What you have to do
Repeat the listing below in full and exactly, but without its pictures.

---------- Recorded information ----------

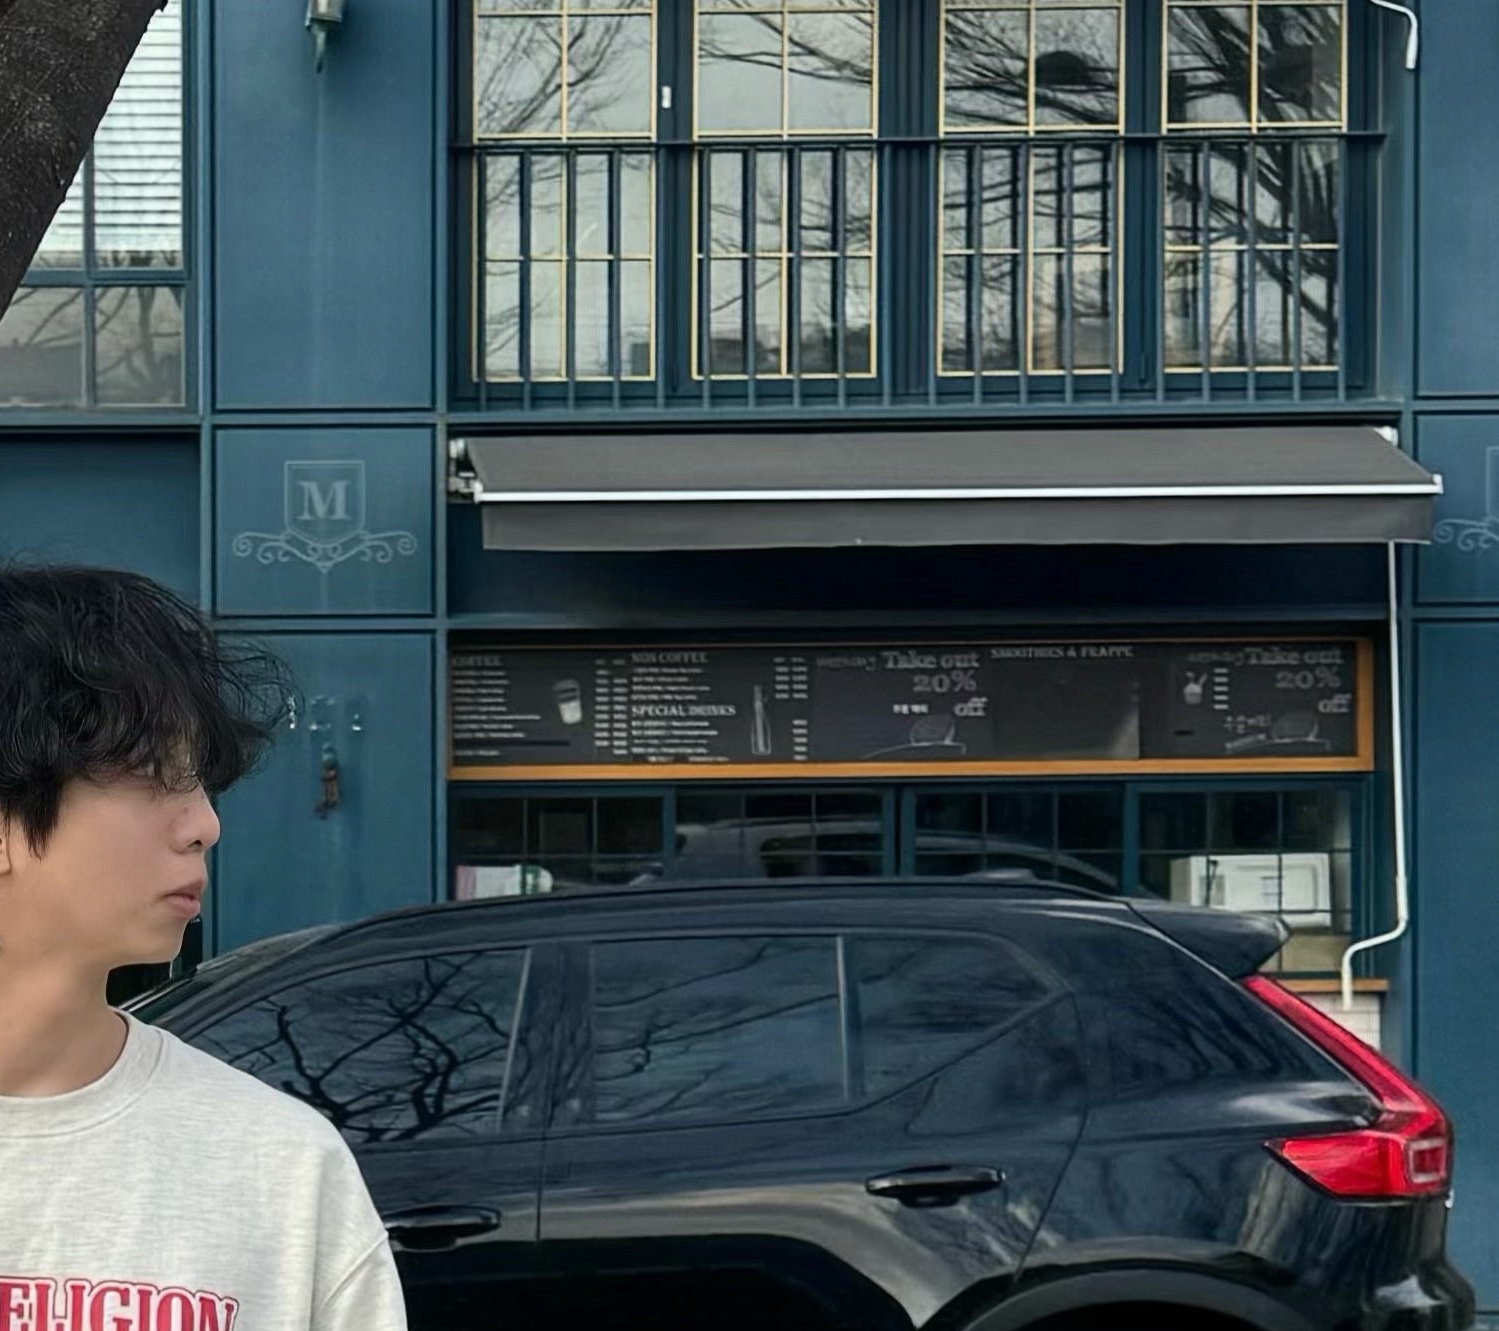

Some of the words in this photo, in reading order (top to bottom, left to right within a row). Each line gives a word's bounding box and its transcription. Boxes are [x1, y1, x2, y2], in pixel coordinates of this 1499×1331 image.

[295, 480, 353, 521] M
[881, 650, 937, 669] Take
[940, 652, 980, 668] out
[1244, 647, 1300, 665] Take
[1303, 648, 1344, 664] out
[912, 669, 977, 693] 20%
[1275, 666, 1342, 690] 20%
[631, 704, 686, 717] SPECIAL
[688, 704, 737, 717] DRINKS
[953, 697, 988, 717] off
[1317, 693, 1352, 713] off
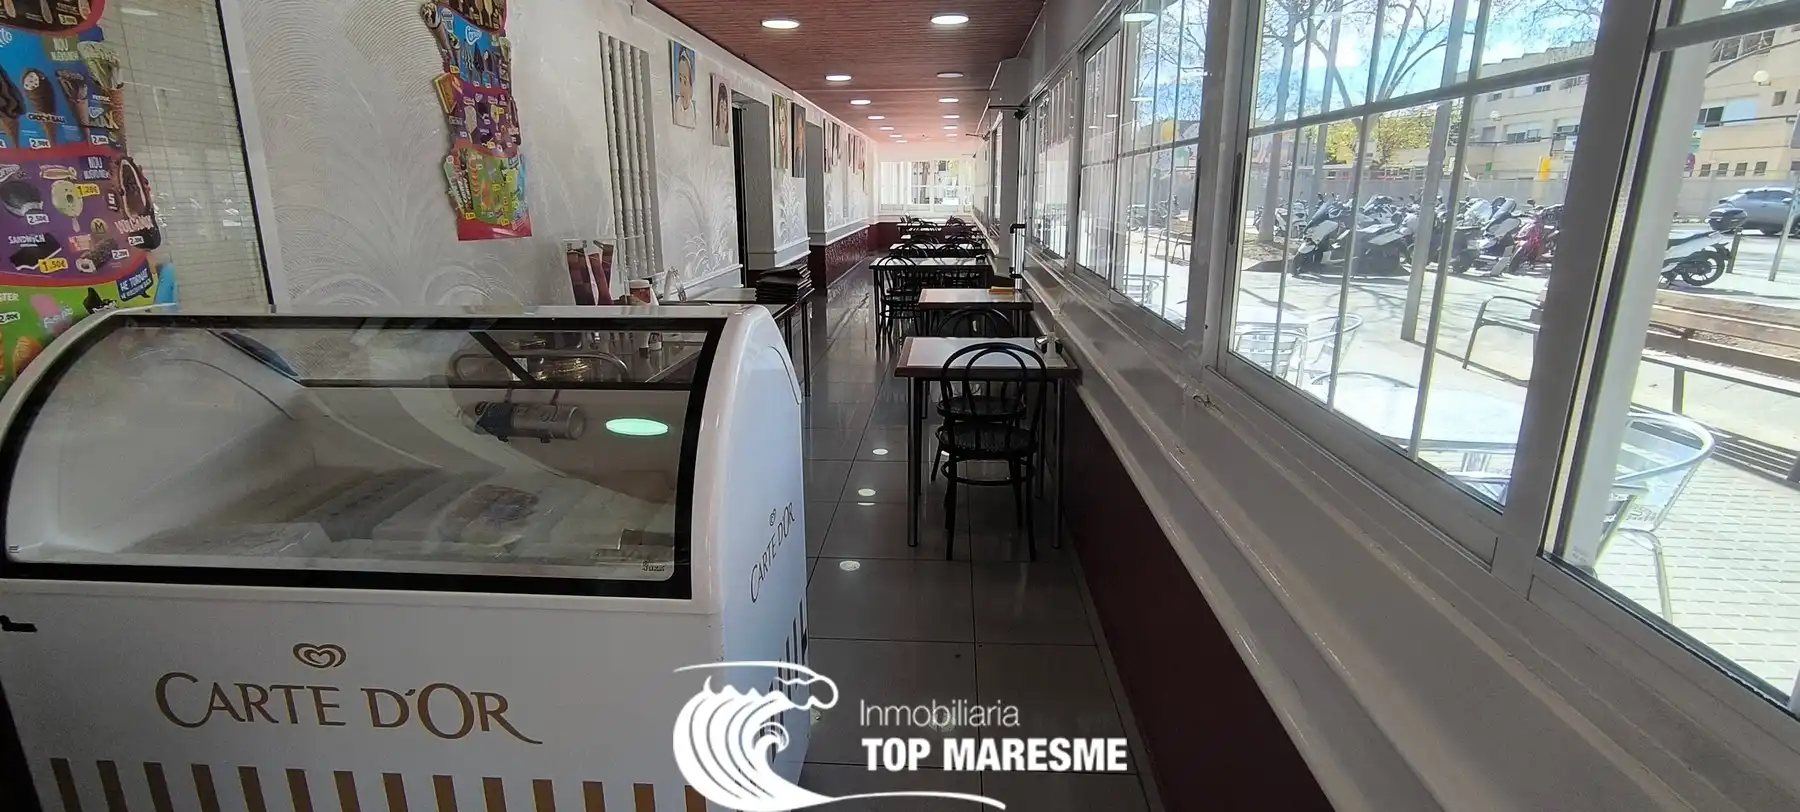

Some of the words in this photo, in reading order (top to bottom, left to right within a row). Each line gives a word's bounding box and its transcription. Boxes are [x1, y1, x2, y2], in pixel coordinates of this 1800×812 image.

[8, 233, 46, 245] SANDWICH
[154, 671, 347, 729] CARTE
[360, 682, 544, 745] D'OR
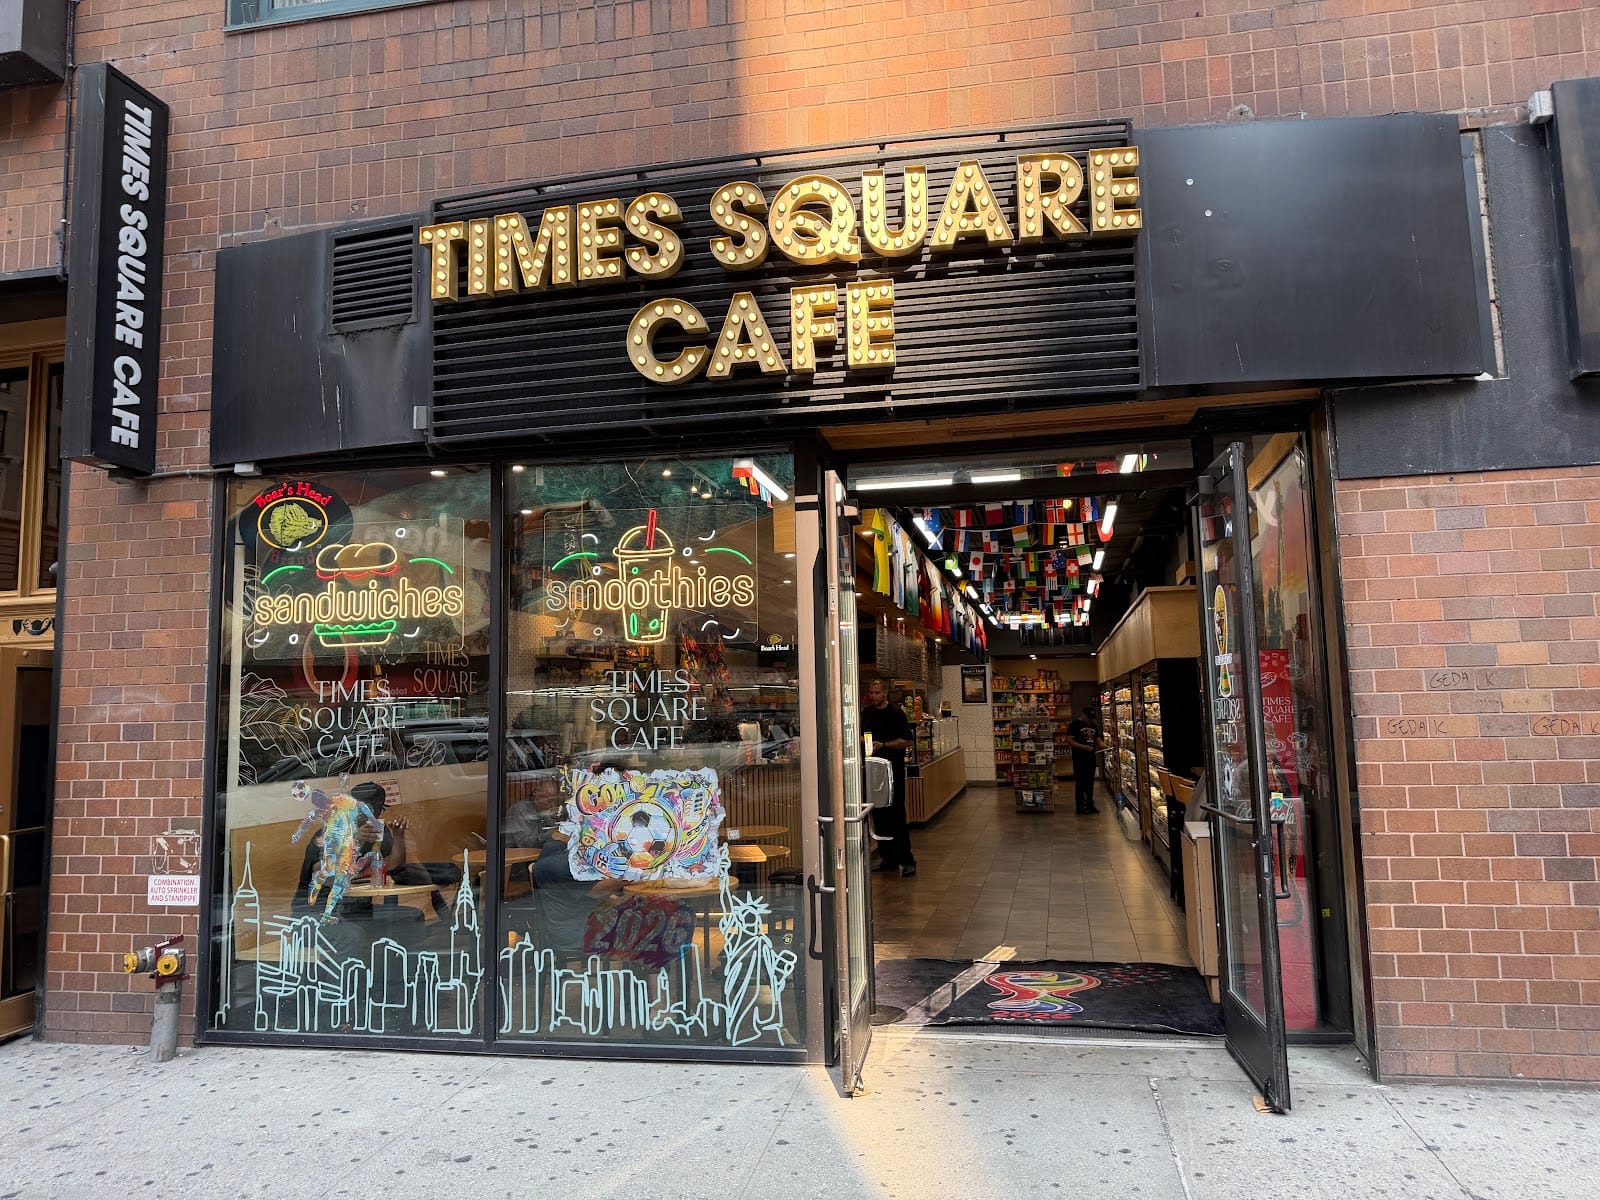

----------

Answer
Some of the words in this photo, in reading order (top to bottom, left to right within a row). Each line gives a word's bounding box and its transcription. Boxes are [x1, y1, x2, y2], in pixel coordinates of this 1499×1331 image.

[295, 480, 353, 521] M
[881, 650, 937, 669] Take
[940, 652, 980, 668] out
[1244, 647, 1300, 665] Take
[1303, 648, 1344, 664] out
[912, 669, 977, 693] 20%
[1275, 666, 1342, 690] 20%
[631, 704, 686, 717] SPECIAL
[688, 704, 737, 717] DRINKS
[953, 697, 988, 717] off
[1317, 693, 1352, 713] off

Some of the words in this photo, in reading order (top to bottom, left to right within a row). Each line gives a word's bounding box and its transcription. Boxes are [x1, y1, x2, y2], in pixel coordinates of this 1800×812 image.

[8, 233, 46, 245] SANDWICH
[154, 671, 347, 729] CARTE
[360, 682, 544, 745] D'OR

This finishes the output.